Review

Menschenjagd liegt wieder voll im Trend und auch dem Franzosen Chris Briant gefiel offenbar die Thematik so sehr, dass er sich als Regisseur auch gleich die Hauptrolle schenkte.
Für das erste Mal stellt er sich in beiden Belangen nicht ganz dumm an, doch der Stoff hätte eine deutlich straffere Inszenierung mit mehr Konzentration aufs Wesentliche benötigt.

Le Saint (Briant) ist ein mit Auszeichnungen dekorierter Afghanistan-Veteran, der in einer Kleinstadt als Polizist anfängt. Als er einen Kronzeugen der Mafia in einem stillgelegten Fort trifft, sehen sich beide plötzlich einer Jagd ausgeliefert, denn die vier Jäger schießen schon lange nicht mehr auf Tiere…

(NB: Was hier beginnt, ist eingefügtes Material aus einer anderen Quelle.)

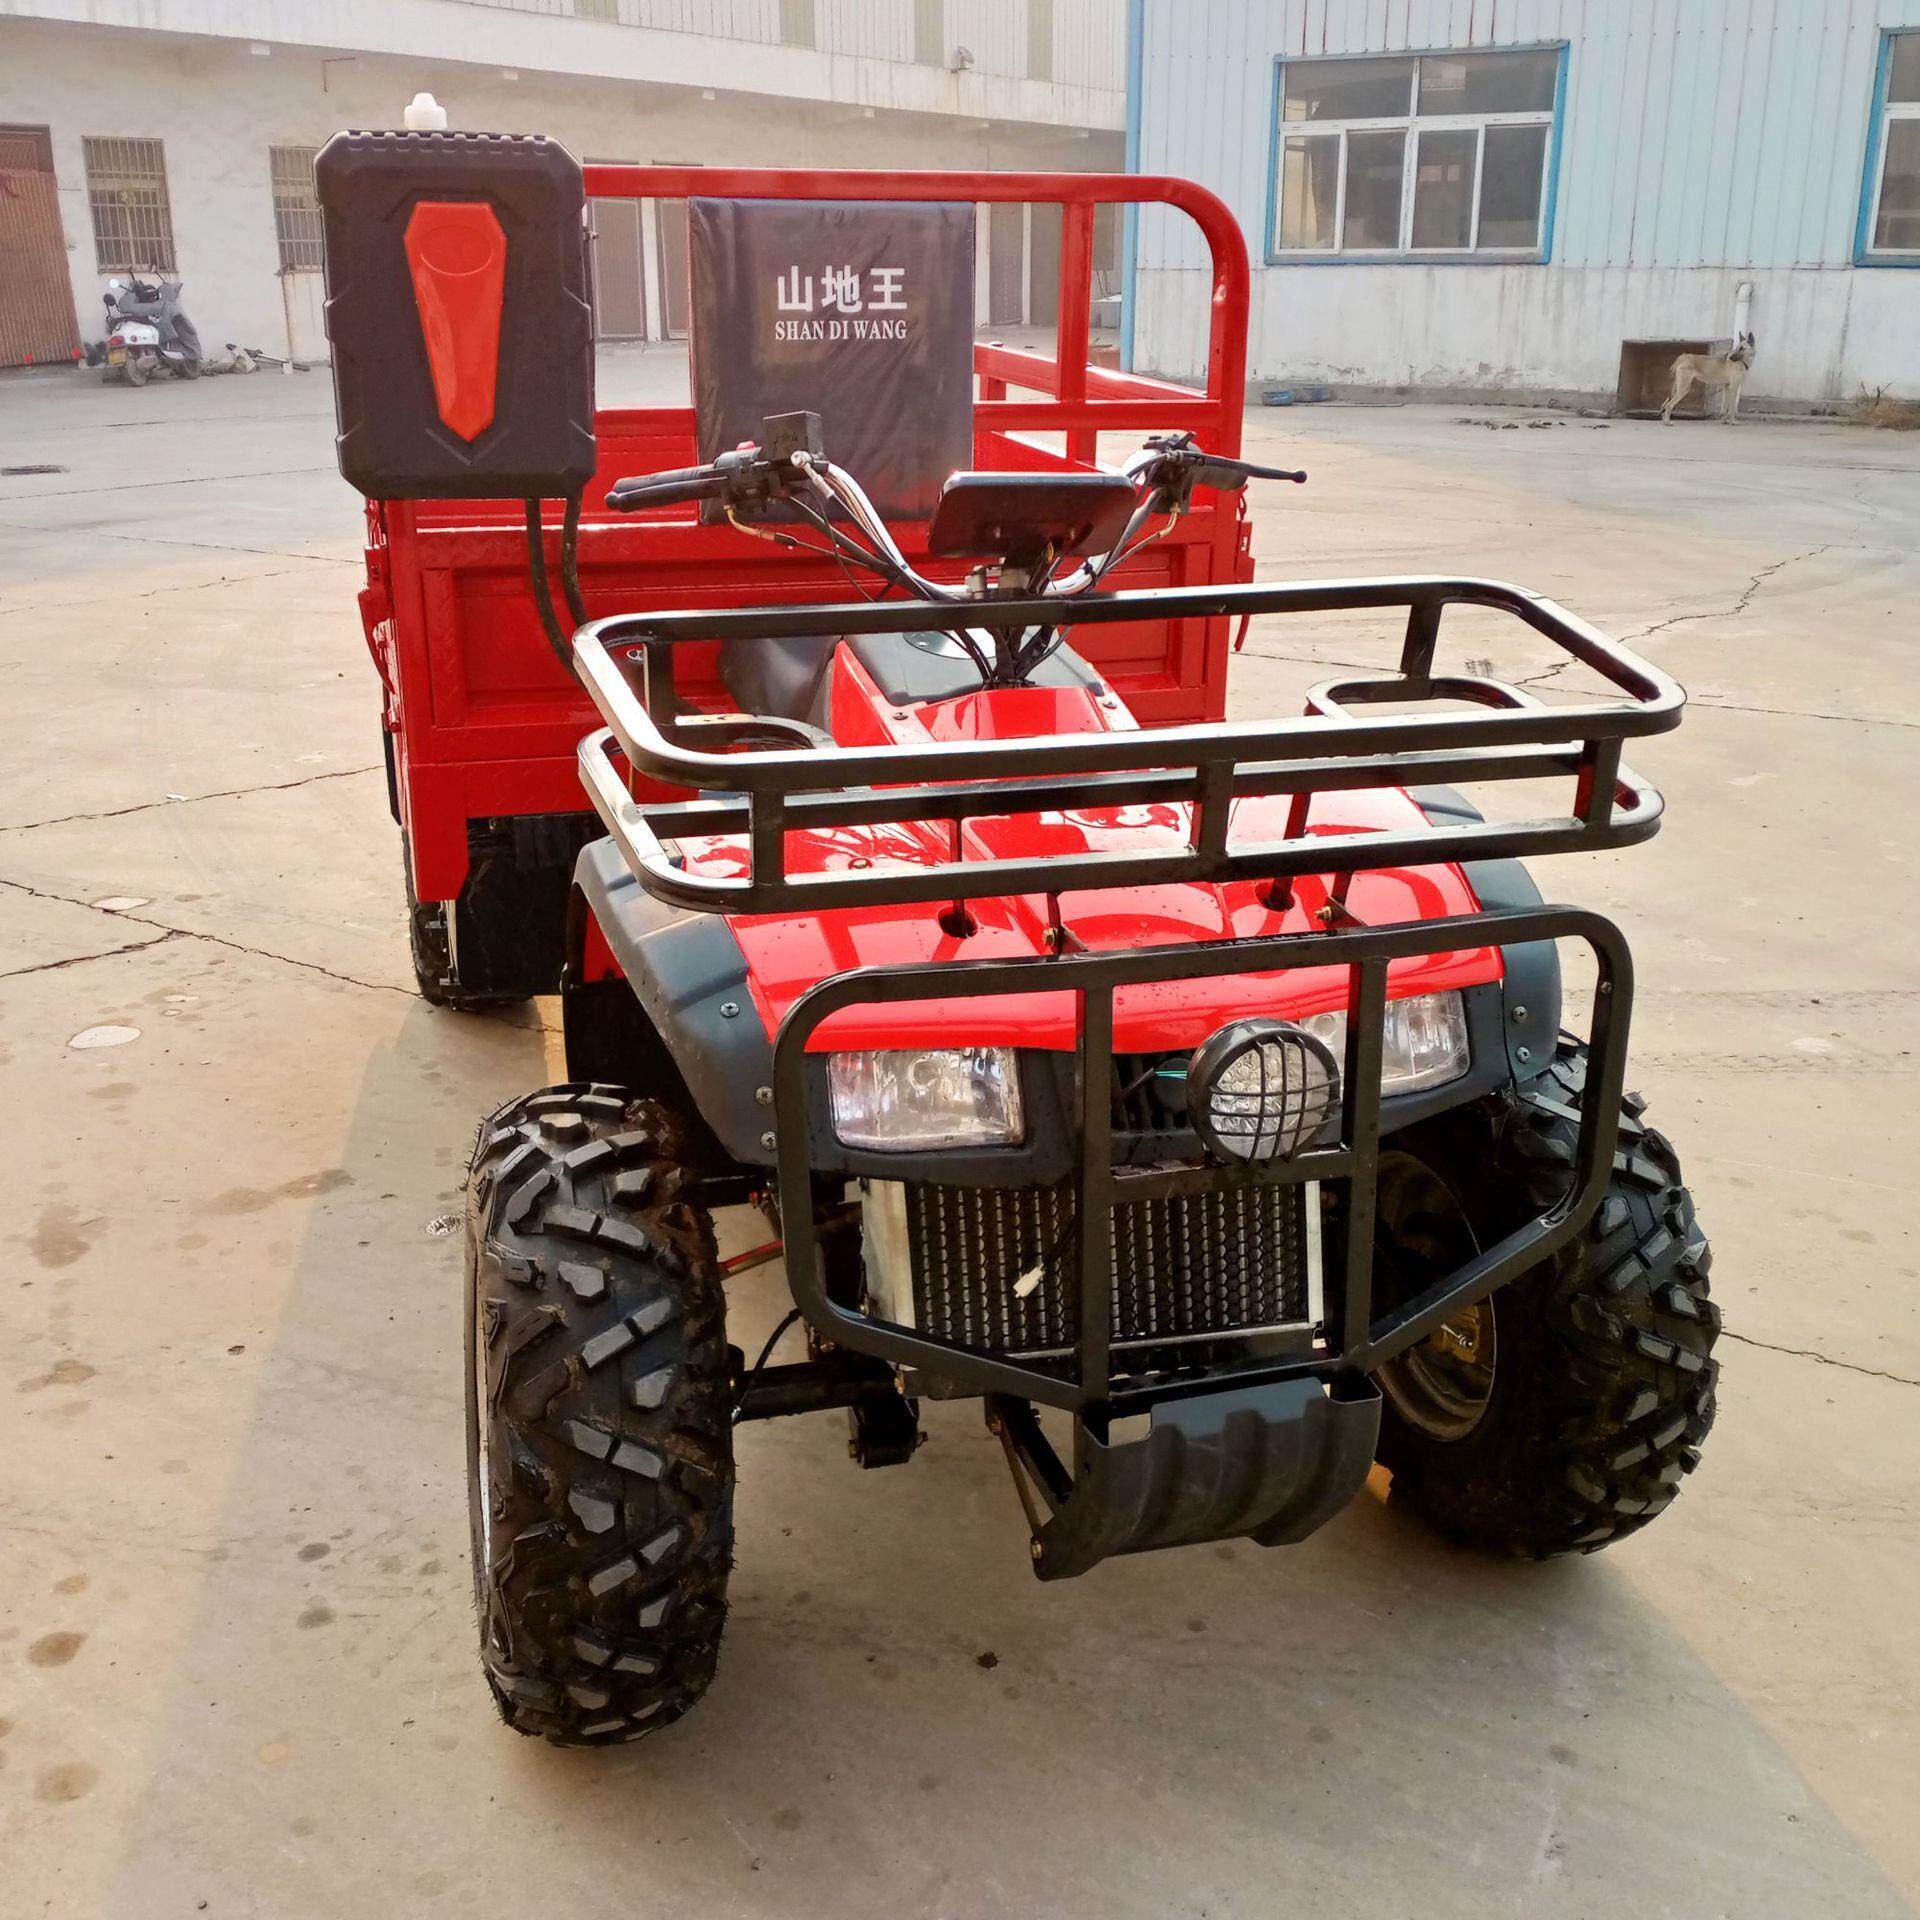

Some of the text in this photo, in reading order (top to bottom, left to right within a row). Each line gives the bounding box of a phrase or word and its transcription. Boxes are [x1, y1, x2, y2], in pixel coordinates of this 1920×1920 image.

[777, 264, 907, 313] 山地王
[774, 320, 907, 340] SHAN DI WANG

Die Erzählung benötigt sage und schreibe eine Dreiviertelstunde, bis sie überhaupt ein wenig an Fahrt aufnimmt, obgleich die Expositionen einen Countdown einläutet, der unweigerlich zu einer Szene im Wald führen wird.
Bis dato werden die Figuren eingeführt und dabei gelingt es immerhin ein wenig Sozialkritik unterzubringen, denn im Grunde ist die Jagd für die vier Männer das Ventil ihres Alltagsfrusts im jeweiligen Job, sei es als Bedienung, als Lehrer oder Computerfachmann.

Le Saint bekommt hingegen lediglich das Trauma aus einem Kriegseinsatz mit auf den Weg, da er nach der Begegnung mit einer Tretmine mehrere Monate im Hospital verbrachte. Was ihn ein wenig auszeichnet, ist der Mut, sich gegen seinen Vorgesetzten zu behaupten und auf die ungewöhnlich hohe Zahl vermisster Personen hinzuweisen. Die Begegnung mit der hübschen Alice beim Joggen im Park bleibt hingegen zunächst ohne Folgen, erst im letzten Drittel taucht die Frau ein wenig erwartungsgemäß noch einmal auf.

Als die Jagd endlich eröffnet wird, kann vor allem die Kulisse mitsamt der effektiven Farbgebung im Einklang mit der grundsoliden Kamera punkten. Die große Festung mit einigen Tunnelgängen, teils eingefallen, teils umgeben von Bäumen bringt eine trübe Stimmung ins Spiel, welche durch die ordentliche Sounduntermalung adäquat unterstützt wird.

Leider kommt bei alledem nicht viel Action herum. Hier und da einige Schusswechsel, natürlich kommen die vom Trauma bekannten Tretminen zum Einsatz, es gibt einen recht harten Fight, doch aus dem etwas sonderbaren Verhalten der Jäger wird man zum Teil nicht schlau. Im letzten Drittel kommen gar einige bizarre Szenen hinzu, eine makabere Sammlung wird enthüllt und ein Twist ist ebenfalls im Spiel. Das Intermezzo mit Alice und ihrem Freund nimmt zum Finale allerdings deutlich Wind aus den Segeln und auch der eigentliche Showdown gerät enttäuschend unspektakulär und eher spannungsarm.

Auf darstellerischer Ebene muss Regisseur Chris Briant noch deutlich üben, denn Ausdruck gehört nicht zu seinen Stärken. Besser und überzeugender performen seine Kollegen, zumal mit Terence Knox, Tony Becker und Steven Waddington ein paar bekannte Gesichter an Bord sind.
Leider ist die dazugehörige Synchro mal wieder richtig mies ausgefallen, nach Möglichkeit sollte man den Streifen im Originalton sehen.

Im Endeffekt ist Briants Regiedebüt mit guten Ansätzen ausgestattet, - Location, Kamera, Sound, die meisten Mimen, ein paar kleine Splattereinlagen, - alles okay. Doch die Geschichte nimmt sich zunächst zuviel Zeit für Nebensächlichkeiten, um bei der eigentlichen Jagd relativ frei von Action zu sein und den Showdown nicht allzu spannend zu gestalten.
Zuweilen fahrig erzählt, verliert die Geschichte so manches Mal den Fokus aus den Augen, so dass sich die ohnehin recht üppige Laufzeit von 107 Minuten insgesamt noch ein wenig länger anfühlt. Freunde des typischen Survival-Thrillers sollten dem Stoff folgerichtig vorsichtig begegnen, denn ein typischer Vertreter mit den wesentlichen Zutaten findet man nur bedingt vor.